### WHAT IS BEING ASKED
Leave the pictures out. Return all other data exactly.

————————

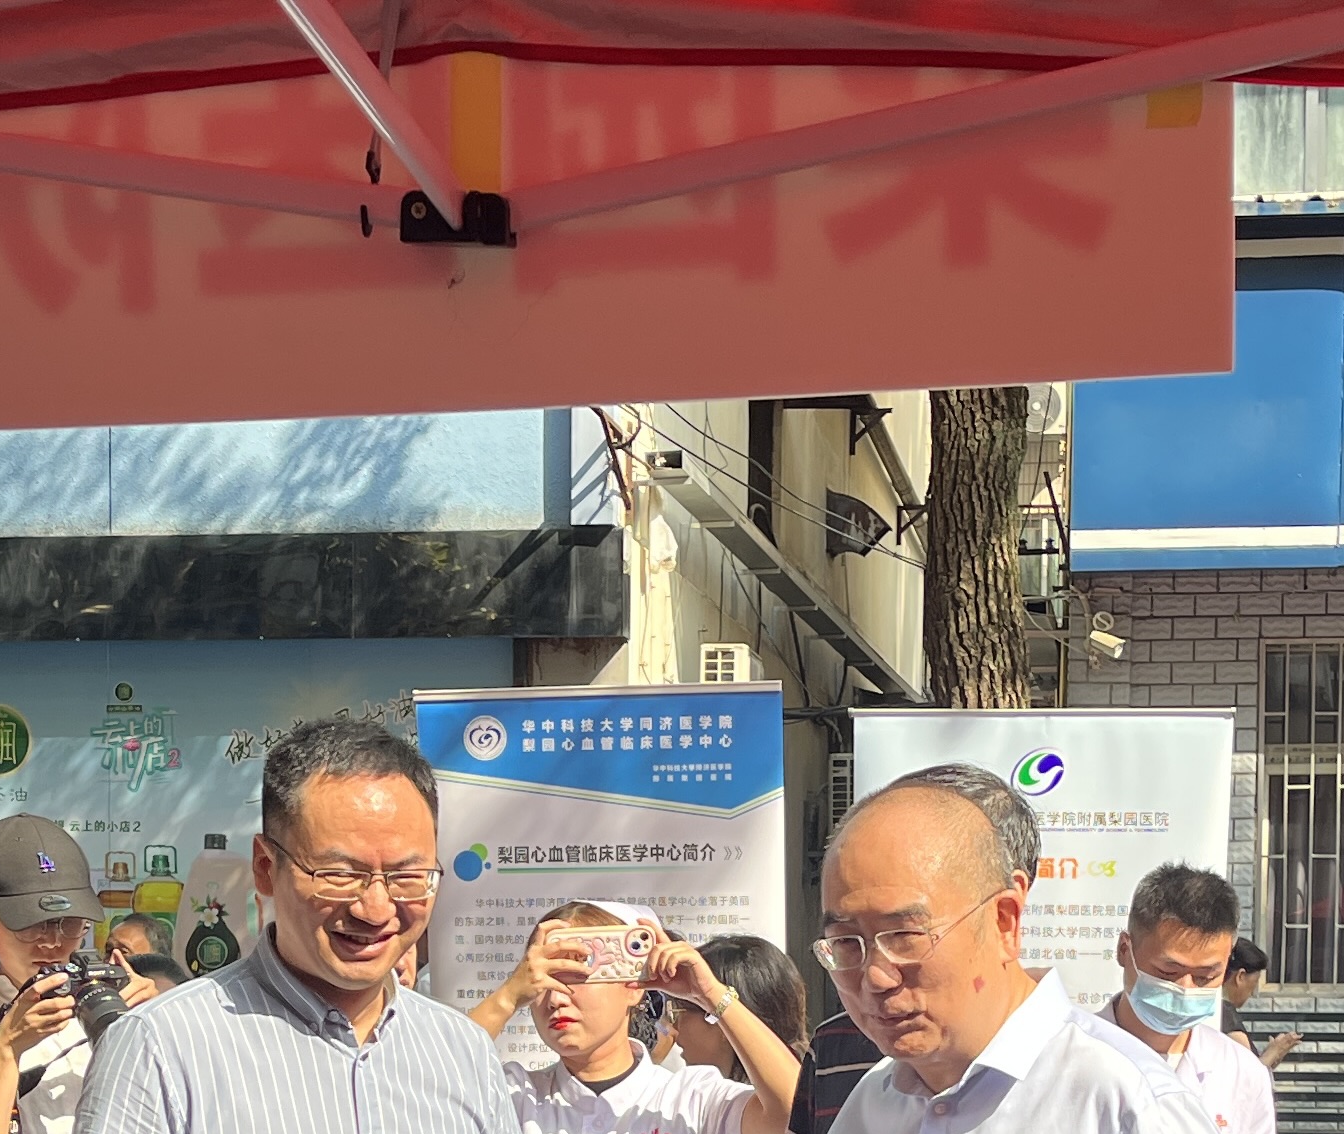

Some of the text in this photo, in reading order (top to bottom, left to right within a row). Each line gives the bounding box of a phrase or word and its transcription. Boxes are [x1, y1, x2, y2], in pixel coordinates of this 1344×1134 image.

[522, 715, 733, 733] 华中科技大学同济医学院
[522, 733, 733, 753] 梨园心血管临床医学中心
[69, 820, 141, 832] 云上的小店2
[497, 843, 716, 864] 梨园心血管临床医学中心简介
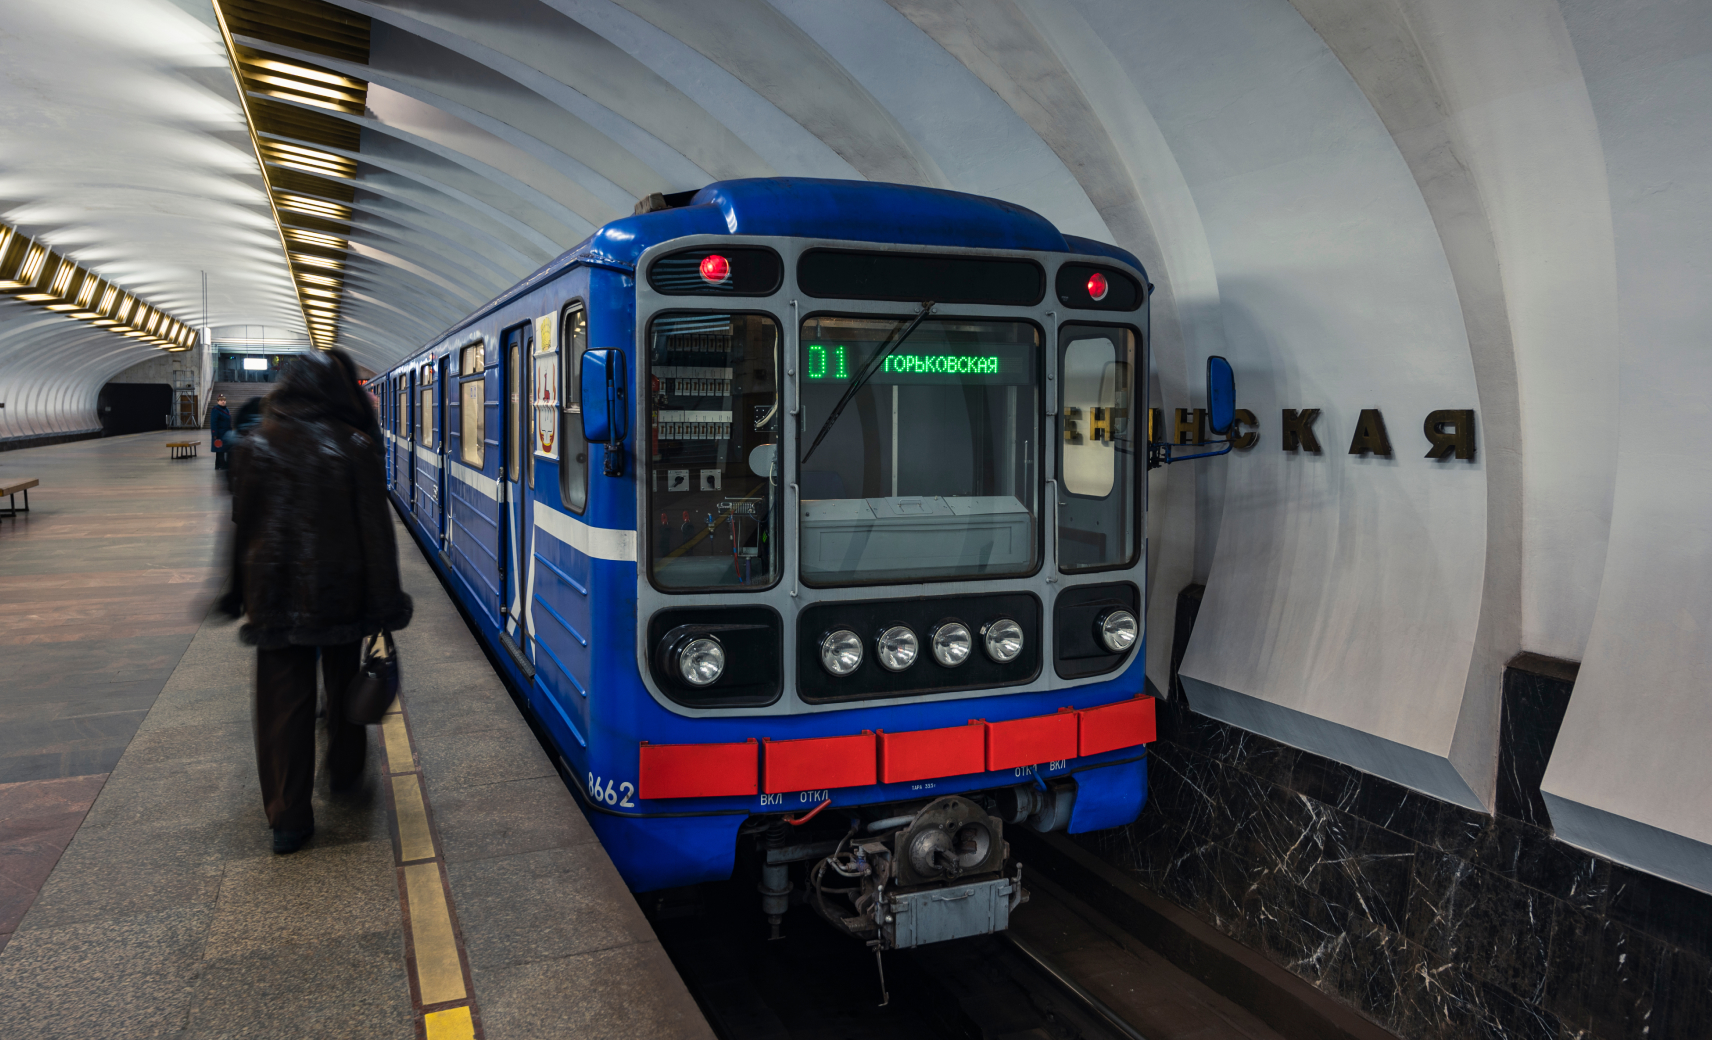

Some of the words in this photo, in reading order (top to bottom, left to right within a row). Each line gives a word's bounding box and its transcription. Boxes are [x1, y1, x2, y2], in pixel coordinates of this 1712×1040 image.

[885, 354, 998, 374] ГОРЬКОВСКАЯ
[1049, 759, 1066, 771] ВКЛ
[588, 771, 635, 808] 8662
[760, 793, 783, 806] ВКЛ
[800, 789, 829, 803] ОТКЛ

————————

### REPLY
Some of the text in this photo, in reading order (top to bottom, left to right within a row). Each line gives the bounding box of a phrase or word and its transcription. Boxes are [x1, y1, x2, y2], in pixel coordinates of this 1344×1134 image.

[522, 715, 733, 733] 华中科技大学同济医学院
[522, 733, 733, 753] 梨园心血管临床医学中心
[69, 820, 141, 832] 云上的小店2
[497, 843, 716, 864] 梨园心血管临床医学中心简介

Some of the words in this photo, in reading order (top to bottom, left to right within a row). Each line gives a word's bounding box and its transcription. Boxes are [x1, y1, x2, y2], in pixel coordinates of this 1712×1040 image.

[885, 354, 998, 374] ГОРЬКОВСКАЯ
[1049, 759, 1066, 771] ВКЛ
[588, 771, 635, 808] 8662
[760, 793, 783, 806] ВКЛ
[800, 789, 829, 803] ОТКЛ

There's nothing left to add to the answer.